BEGIN

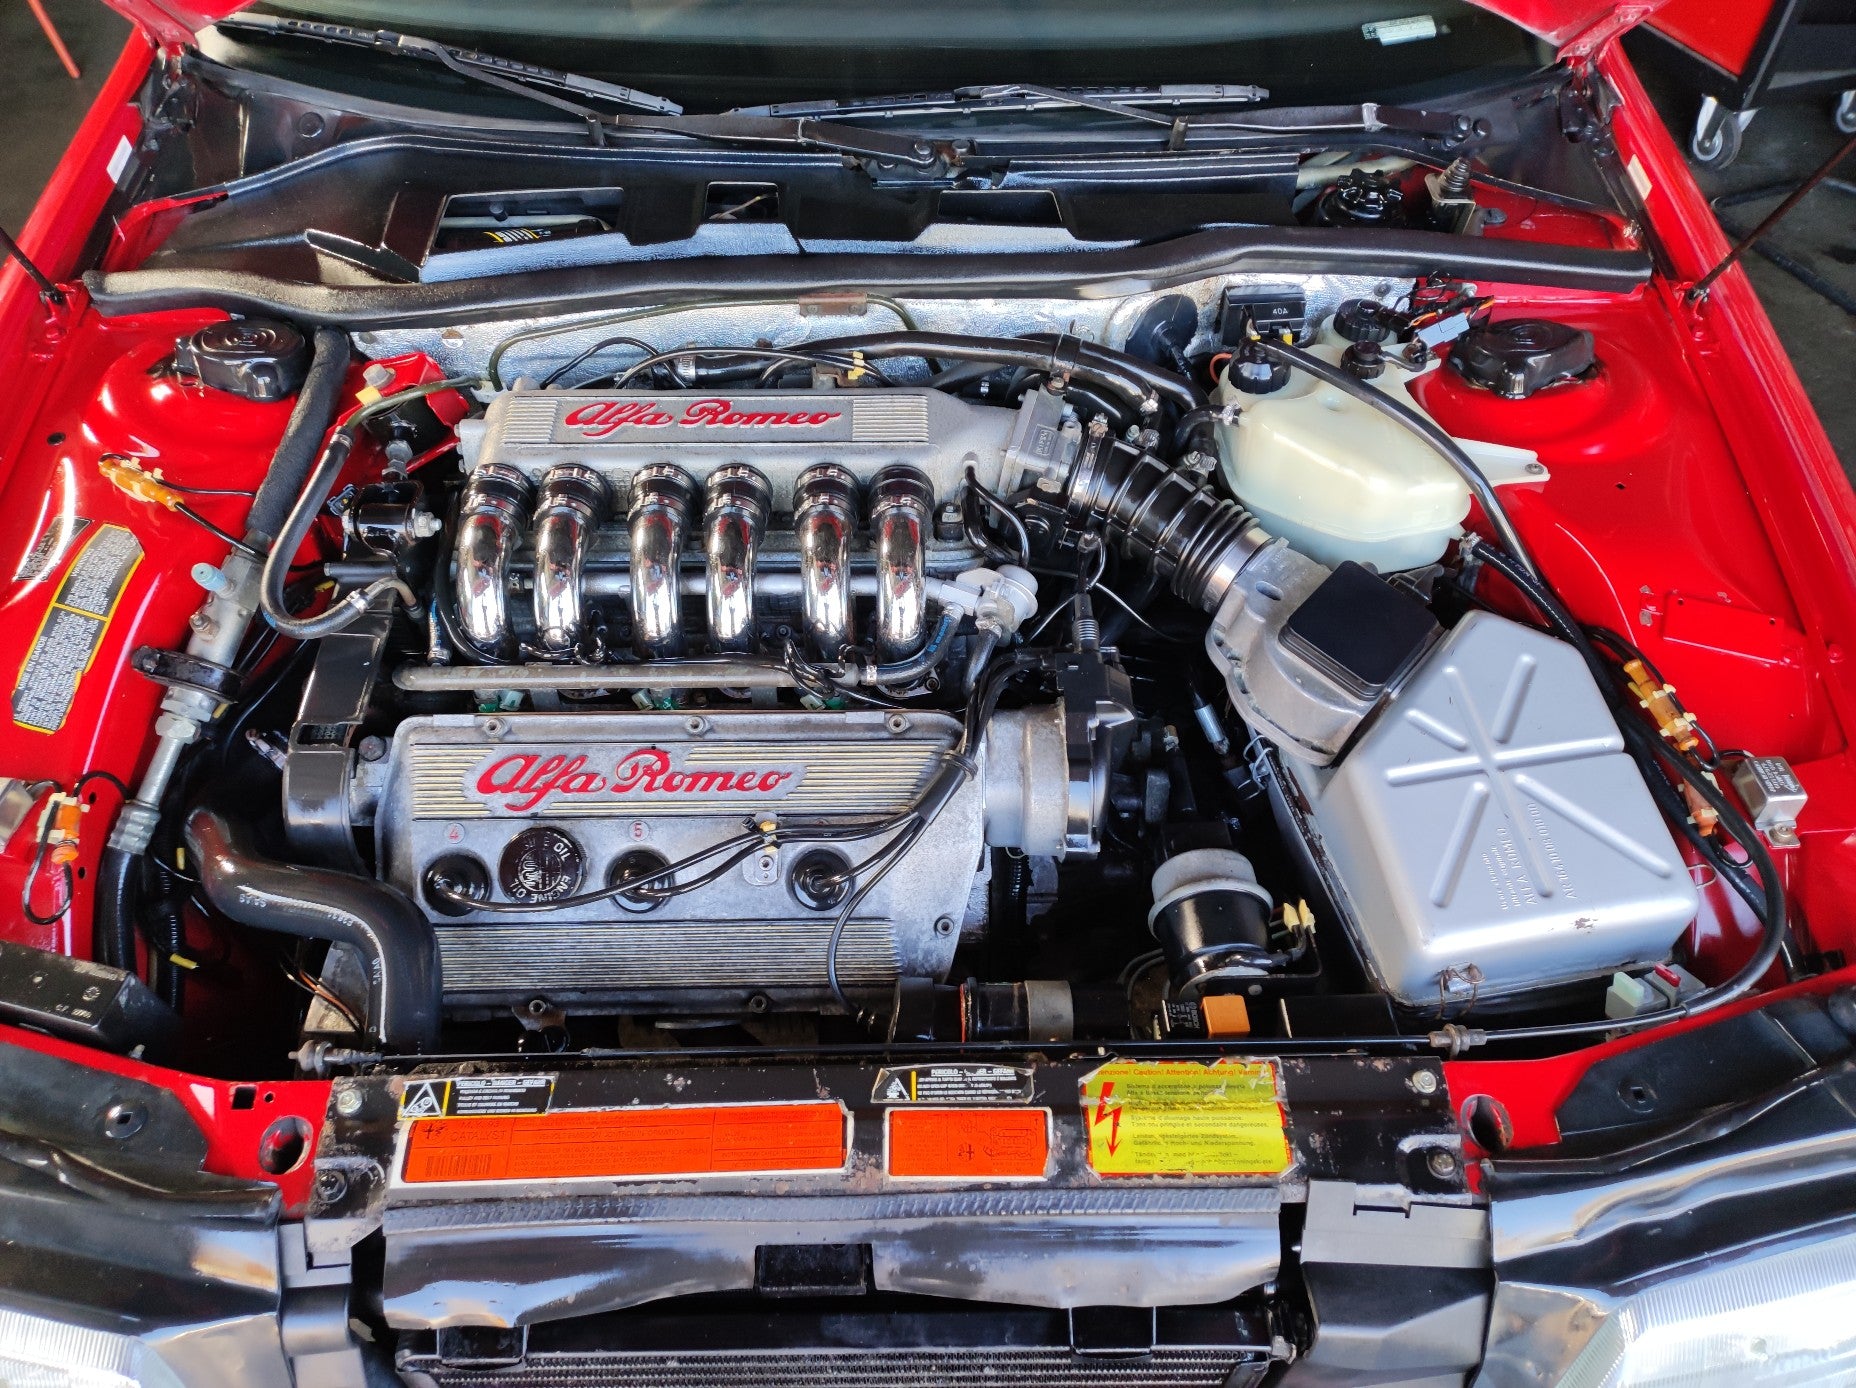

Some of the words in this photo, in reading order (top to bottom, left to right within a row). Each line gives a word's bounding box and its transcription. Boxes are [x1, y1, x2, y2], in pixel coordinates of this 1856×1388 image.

[1272, 307, 1288, 315] 40A
[564, 401, 674, 438] Alfa
[678, 398, 842, 428] Romeo
[476, 753, 607, 812] Alfa
[610, 749, 793, 794] Romeo
[448, 826, 459, 840] 4
[633, 824, 643, 838] 5
[553, 842, 571, 862] OIL
[509, 878, 527, 898] OIL
[450, 1130, 506, 1142] CATALYST

END

__Try it__: Copy the material verbatim. The pictures are not part of the copy.

__Exercise result__:
Some of the words in this photo, in reading order (top to bottom, left to right within a row). Each line gives a word's bounding box and its transcription. Boxes are [x1, y1, x2, y2], in pixel coordinates of this 1856×1388 image.

[1272, 307, 1288, 315] 40A
[564, 401, 674, 438] Alfa
[678, 398, 842, 428] Romeo
[476, 753, 607, 812] Alfa
[610, 749, 793, 794] Romeo
[448, 826, 459, 840] 4
[633, 824, 643, 838] 5
[553, 842, 571, 862] OIL
[509, 878, 527, 898] OIL
[450, 1130, 506, 1142] CATALYST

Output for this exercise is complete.